Judith laughed with me. "Well! I'm glad you were OK. And lesson learned, right? You have not because you ask not."
"Yeah. I suppose it was."
We moved on and continued working for a while in comfortable silence.
"You're carrying a lot on your shoulders," she said.
I grinned a little. "Some people seek greatness. Some people have greatness thrust upon them."
"Hmmm." She flicked a crisp sheet across the bed with an expert move. "And some people are crushed under the weight of what's asked of them."
I pressed my tongue against my teeth and waited for the impending tears to pass. I was so sick of crying about everything! "I'm OK. Usually." I gave her a little glance and a twisted smile. "Sometimes."
She chuckled. "Until it comes to asking little old ladies to go confront groups of angry werewolves?"
"Yeah. Something like that."
"I have my own will, Simone. You can't make me do anything. You didn't threaten me or coerce me in any way. You just asked me to do something. You can't do it all on your own."

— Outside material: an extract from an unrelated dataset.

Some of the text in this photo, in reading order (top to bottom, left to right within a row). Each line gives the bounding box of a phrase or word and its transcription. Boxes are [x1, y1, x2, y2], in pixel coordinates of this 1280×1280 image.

Something about that statement bothered me but I couldn't quite put my finger on it at first. Then I realized what it was. "When Raziel first came to me, back in the days before any of this insanity happened, he told me that a person always has a choice. There is always free will."
"You don't believe that?"
I shrugged. "I suppose. I don't know. I had a choice to do what he was asking me or not. I could have refused, but what would it have gotten me in the end? The others would have still revealed themselves. Acedia would still be moving against the world. My family would still have faced unspeakable danger. What kind of choice is that? Is it freewill to allow a person to travel any way they like if they will end up at the same destination regardless?"

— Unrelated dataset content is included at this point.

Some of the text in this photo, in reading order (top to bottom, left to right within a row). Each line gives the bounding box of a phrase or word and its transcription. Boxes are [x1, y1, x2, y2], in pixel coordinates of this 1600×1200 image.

"Well, sure. Some people hate to fly and find trains to be a joy. There are those who love a long walk and those who are all about taking the fastest, shortest route. Pick your Proverb about the destination not being as important as the journey."

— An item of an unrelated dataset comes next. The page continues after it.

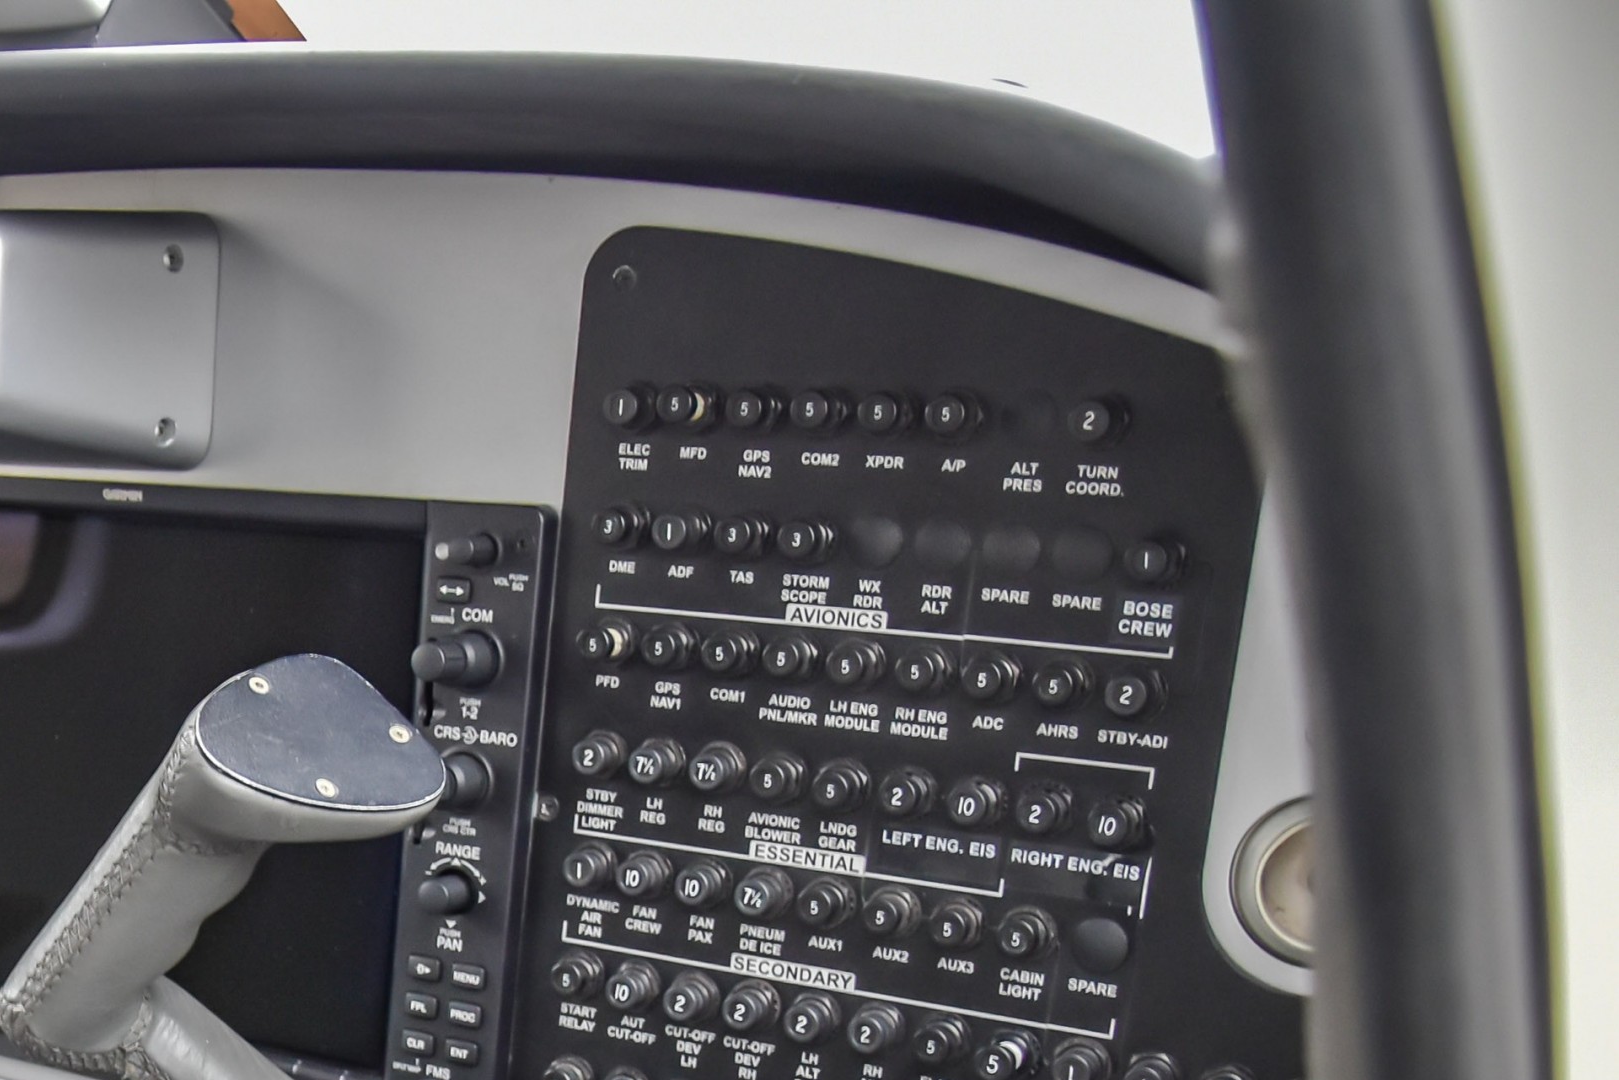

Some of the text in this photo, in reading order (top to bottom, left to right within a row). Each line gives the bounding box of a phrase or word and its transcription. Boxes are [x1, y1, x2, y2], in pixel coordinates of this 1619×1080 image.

I sat down on the bed and rubbed my face with my hands. "I want you to say no. I don't want you to go out there. If you don't go then no part of my heart has to be responsible for what happens to you if something goes wrong."
She sat down next to me. "But isn't that the whole point? It isn't really about what you want, is it? It's about me and my choices. You made a choice to reveal this need to me. And I choose to rise to the occasion." She leaned in close and whispered, conspiratorially, "It makes me feel young and alive to have a mission that doesn't include lye soap or bread dough."
I laughed half-heartedly. "I love you, Judith. I appreciate you more than you will ever know. I learn from you every day."
She patted my knee without wincing even a little. I wasn't exactly sure what that meant, but somehow, it gave me a chill.
"I love you too, my friend. I will pray for your weary heart. I confess, I have a feeling that your burden will be heavier before it lightens," she said.